Monday, September 23, 2013
One of my favorite theaters is the Arena Stage in Washington D.C. It's an intimate space, with highly professional actors, often appearing in brand new plays or interesting revivals. The theater itself received a Tony award in 1976, in recognition of its role as a trailblazer, outside of Broadway.
This weekend I saw a new production, "The Velocity of Autumn," starring Estelle Parsons as Alexandra, an elderly widow who refuses to go gentle into that good night. She is determined to stay in her New York brownstone -- no nursing home for her -- arming herself against the good intentions of family with Molotov cocktails and a barricade worthy of the French Revolution. Alexandra's plan is frustrated by the return of her long-missing youngest son, the only one who remembers how to climb his mother's favorite tree to sneak in through a window.

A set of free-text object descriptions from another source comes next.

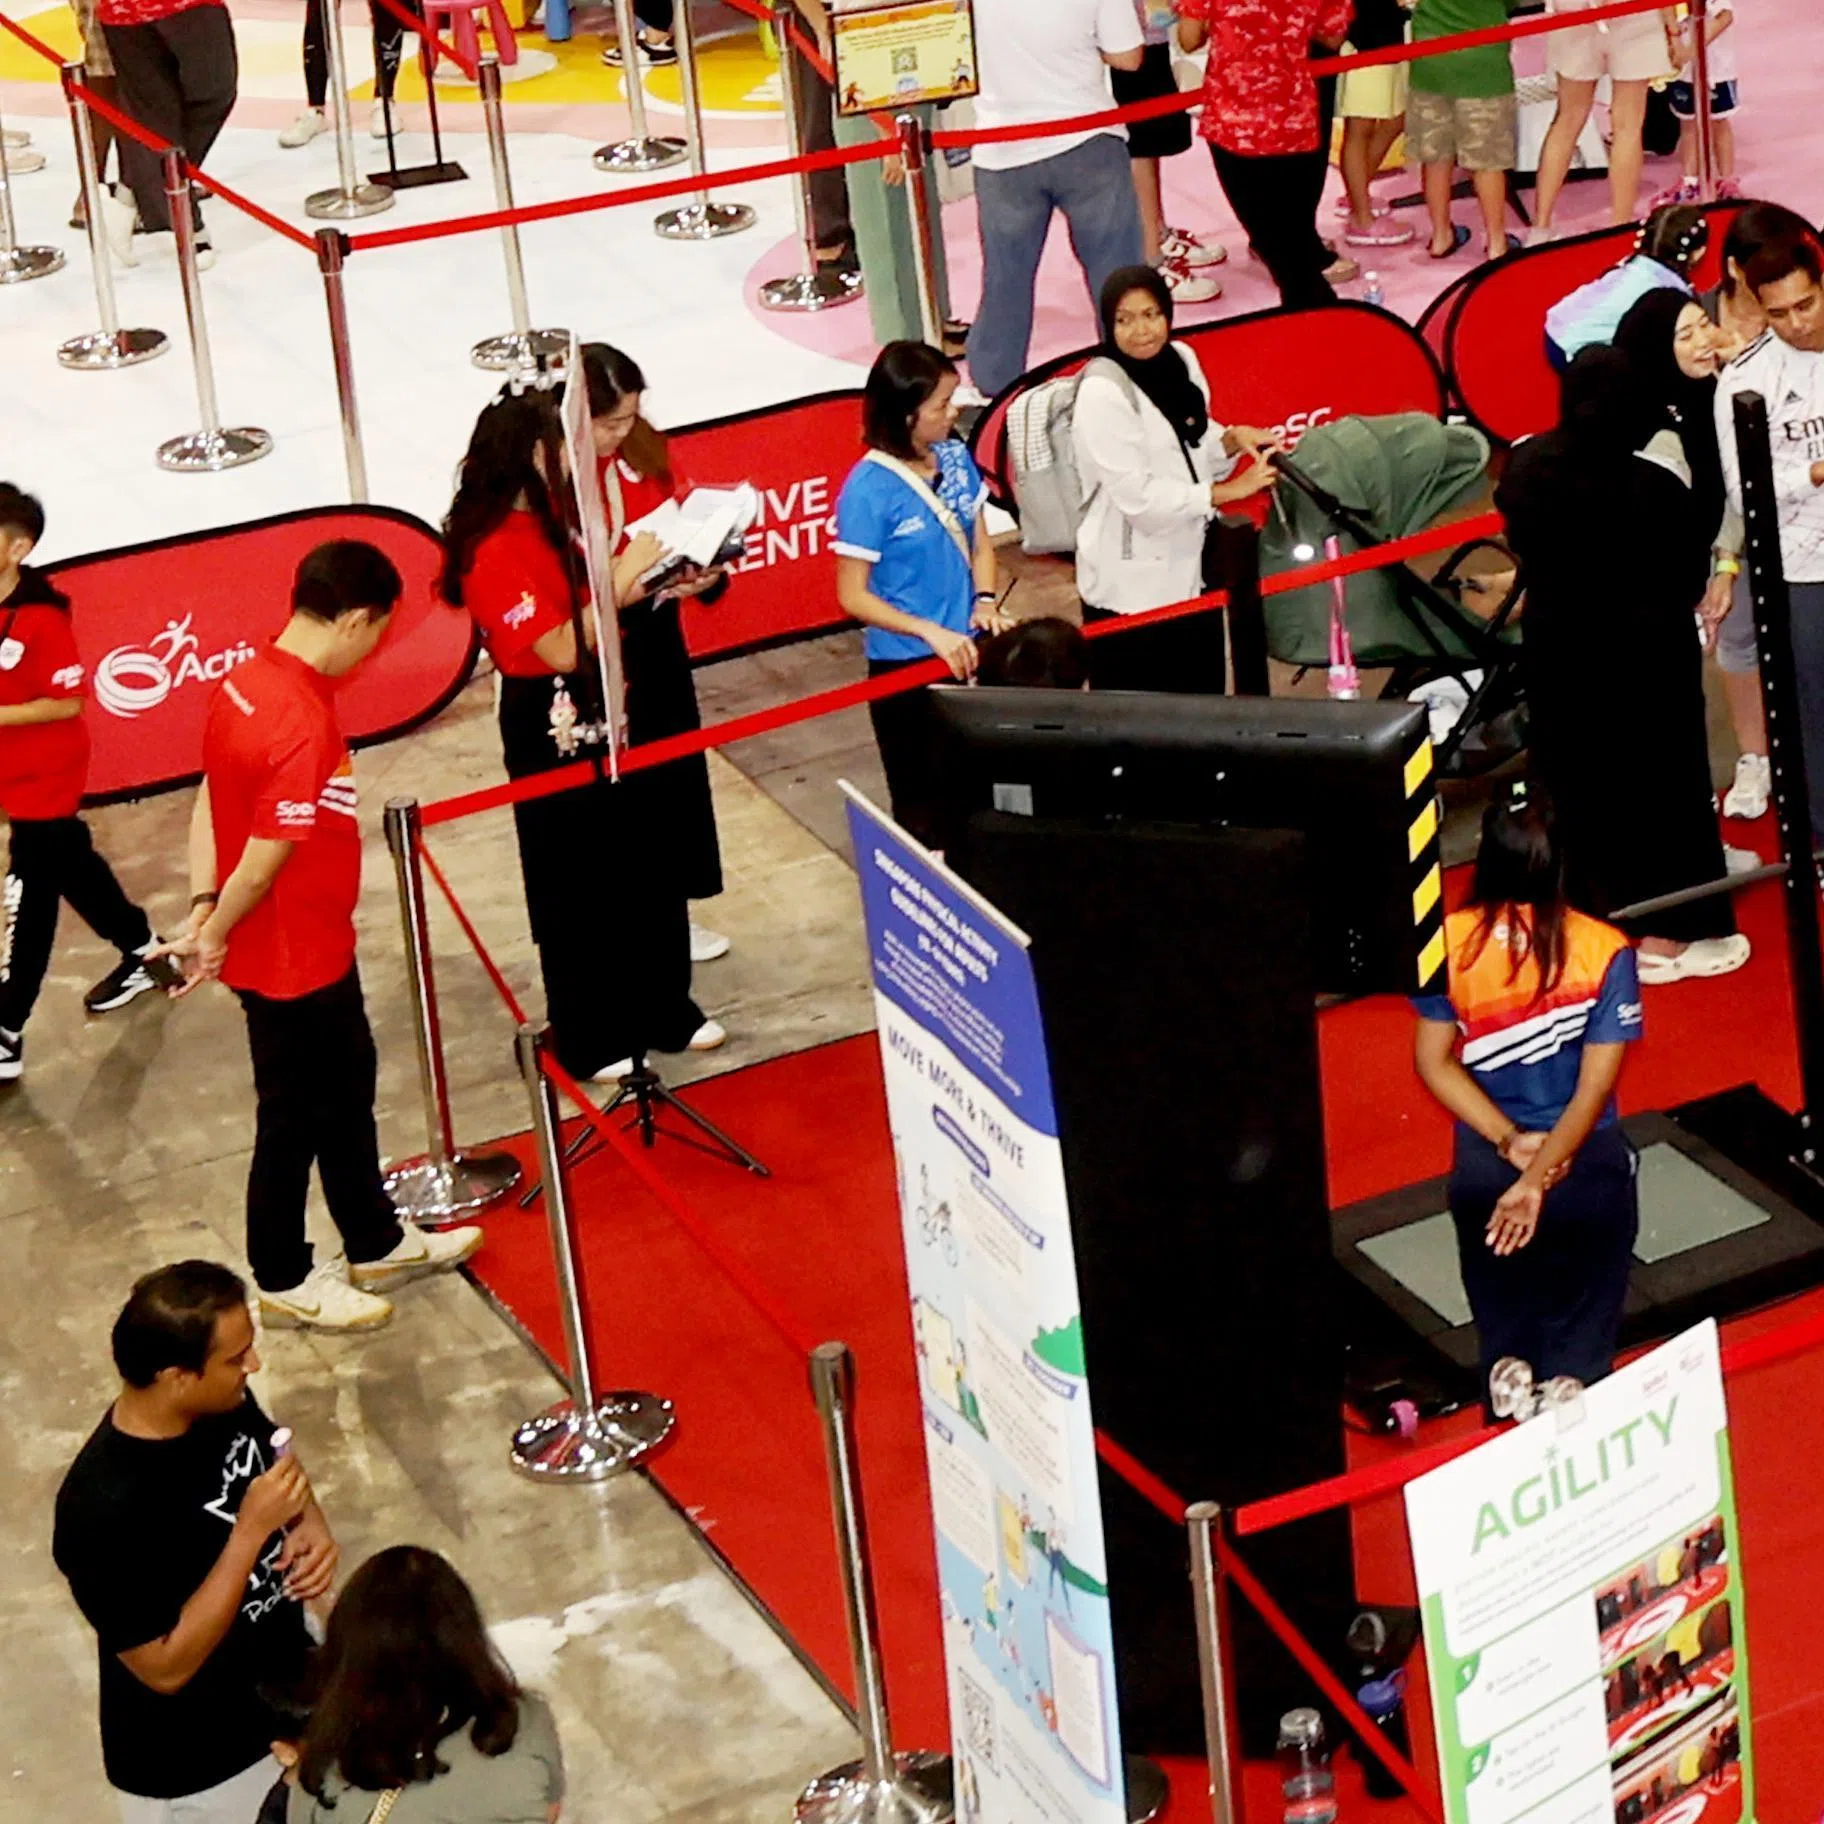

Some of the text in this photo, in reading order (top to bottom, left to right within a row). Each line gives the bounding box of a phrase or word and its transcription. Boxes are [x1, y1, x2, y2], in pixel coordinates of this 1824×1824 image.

[886, 1024, 924, 1075] MOVE
[928, 1057, 965, 1107] MORE
[980, 1106, 1025, 1170] THRIVE
[1462, 1662, 1474, 1681] 1
[1470, 1754, 1481, 1772] 2

The conversation between mother and grown son is wry, poignant and often laugh-out-loud funny. On aging, Alexandra confesses that one surprising pleasure is being able to reread favorite mystery novels, because she no longer has any memory of who dunnit.
It is a very New York kind of play, which should help it on its way to a planned Broadway premiere. Even in D.C. there were lots of knowing chuckles at the inside jokes about Brooklyn. And for the Elder Law Prof, there was an interesting little plot device that centered on powers of attorney.
But what most struck me was the fact that Estelle Parsons at 85 actually seemed too young to play the role of a creaky senior, a character of age 79. Parson's physical strength -- strong, unbowed back and gently muscled biceps -- was at odds with the character's complaints about growing frailty. This physical fact isn't a serious problem for the play. All the lines still work, and Parson's timing on the clever lines was spot on. But isn't it nice to see a woman of 85 as just a bit too vibrant to play a credible elder?
The play is scheduled to run at Arena Stage through October 20.